Images for object localization:
━━━━━━

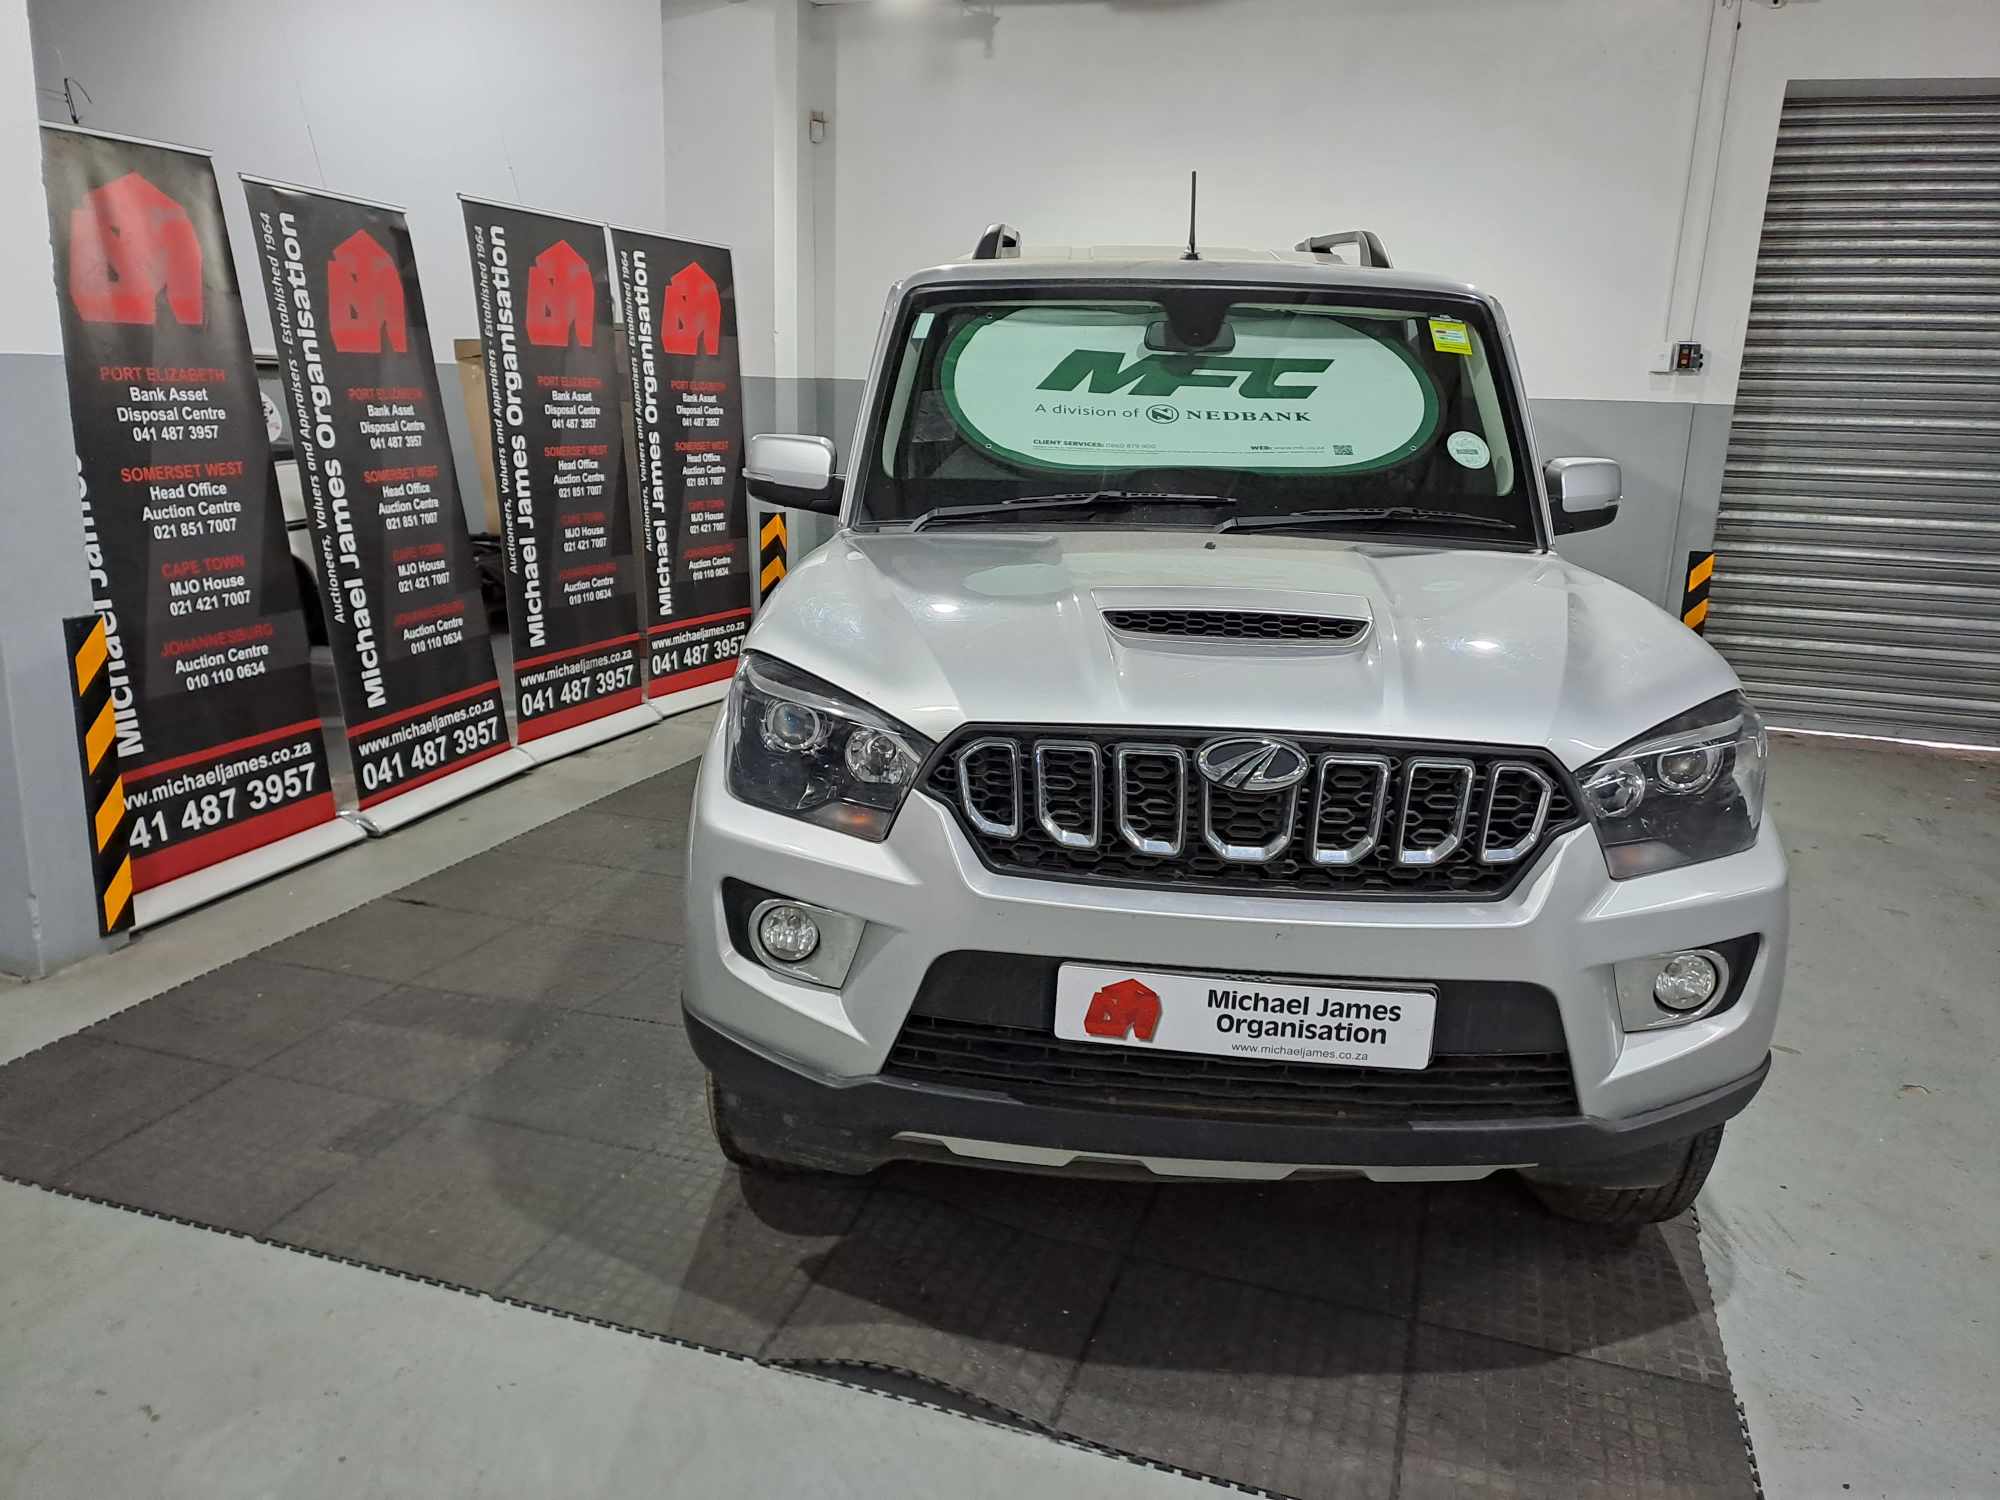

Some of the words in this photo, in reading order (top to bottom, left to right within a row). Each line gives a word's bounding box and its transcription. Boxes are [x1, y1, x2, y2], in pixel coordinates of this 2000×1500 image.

[260, 212, 276, 251] 1964
[267, 255, 294, 345] Established
[477, 261, 494, 337] Established
[279, 212, 336, 449] Organisation
[490, 225, 523, 426] Organisation
[633, 250, 657, 424] Organisation
[100, 366, 141, 382] PORT
[147, 367, 225, 382] ELIZABETH
[488, 349, 504, 417] Appraisers
[1035, 348, 1335, 399] MFC
[129, 387, 166, 402] Bank
[169, 387, 208, 401] Asset
[288, 359, 311, 439] Appraisers
[552, 390, 570, 401] Bank
[117, 407, 179, 425] Disposal
[182, 406, 226, 421] Centre
[367, 404, 390, 416] Bank
[392, 405, 415, 416] Asset
[545, 404, 576, 416] Disposal
[1035, 404, 1046, 414] A
[1052, 404, 1117, 417] division
[1122, 408, 1141, 417] of
[1186, 410, 1312, 422] NEDBANK
[133, 426, 157, 442] 041
[161, 425, 184, 440] 487
[189, 425, 219, 439] 3957
[360, 421, 399, 434] Disposal
[401, 420, 425, 431] Centre
[494, 419, 504, 444] and
[552, 419, 564, 429] 041
[635, 417, 644, 439] and
[370, 437, 385, 450] 041
[388, 436, 402, 448] 487
[406, 435, 422, 447] 3957
[302, 441, 317, 472] and
[120, 463, 201, 482] SOMERSET
[205, 461, 243, 477] WEST
[498, 447, 510, 494] Valuers
[511, 435, 534, 529] James
[554, 474, 580, 485] Auction
[648, 432, 664, 513] James
[150, 484, 185, 500] Head
[188, 482, 227, 497] Office
[310, 475, 327, 529] Valuers
[382, 485, 404, 498] Head
[406, 482, 431, 495] Office
[559, 487, 571, 498] 021
[142, 504, 195, 521] Auction
[198, 501, 241, 517] Centre
[325, 459, 360, 569] James
[378, 501, 411, 515] Auction
[414, 498, 439, 509] Centre
[153, 524, 177, 540] 021
[181, 521, 204, 537] 851
[208, 518, 237, 534] 7007
[386, 518, 401, 530] 021
[403, 516, 418, 527] 851
[420, 512, 438, 524] 7007
[581, 526, 604, 536] House
[564, 542, 576, 552] 021
[162, 562, 201, 578] CAPE
[205, 555, 246, 572] TOWN
[398, 563, 417, 577] MJO
[419, 559, 445, 573] House
[653, 520, 672, 616] Michael
[169, 580, 200, 597] MJO
[203, 574, 245, 591] House
[322, 535, 346, 624] Auctioneers,
[398, 580, 413, 593] 021
[415, 577, 430, 590] 421
[432, 572, 450, 586] 7007
[564, 581, 590, 593] Auction
[169, 599, 192, 617] 021
[196, 595, 219, 613] 421
[223, 590, 251, 608] 7007
[519, 537, 545, 648] Michael
[403, 625, 436, 640] Auction
[437, 617, 463, 631] Centre
[652, 621, 744, 650] www.michaeljames.co.za
[344, 578, 386, 709] Michael
[411, 641, 425, 655] 010
[427, 636, 441, 650] 110
[652, 650, 678, 675] 041
[683, 643, 709, 666] 487
[714, 635, 745, 660] 3957
[175, 654, 225, 675] Auction
[227, 643, 269, 661] Centre
[520, 649, 632, 687] www.michaeljames.co.za
[186, 673, 209, 691] 010
[212, 668, 234, 685] 110
[236, 661, 266, 680] 0634
[522, 687, 554, 716] 041
[560, 677, 590, 704] 487
[596, 664, 634, 694] 3957
[358, 699, 495, 757] www.michaeljames.co.za
[363, 752, 404, 790] 041
[411, 735, 447, 770] 487
[453, 716, 498, 754] 3957
[129, 811, 168, 849] 41
[181, 787, 237, 831] 487
[247, 762, 316, 810] 3957
[1207, 989, 1310, 1016] Michael
[1316, 999, 1401, 1022] James
[1216, 1014, 1387, 1044] Organisation
[1231, 1042, 1369, 1061] www.michaeljames.co.za

━━━━━━

Look through the data above and return each line where the string "michaeljames" occurs.

[652, 621, 744, 650] www.michaeljames.co.za
[520, 649, 632, 687] www.michaeljames.co.za
[358, 699, 495, 757] www.michaeljames.co.za
[1231, 1042, 1369, 1061] www.michaeljames.co.za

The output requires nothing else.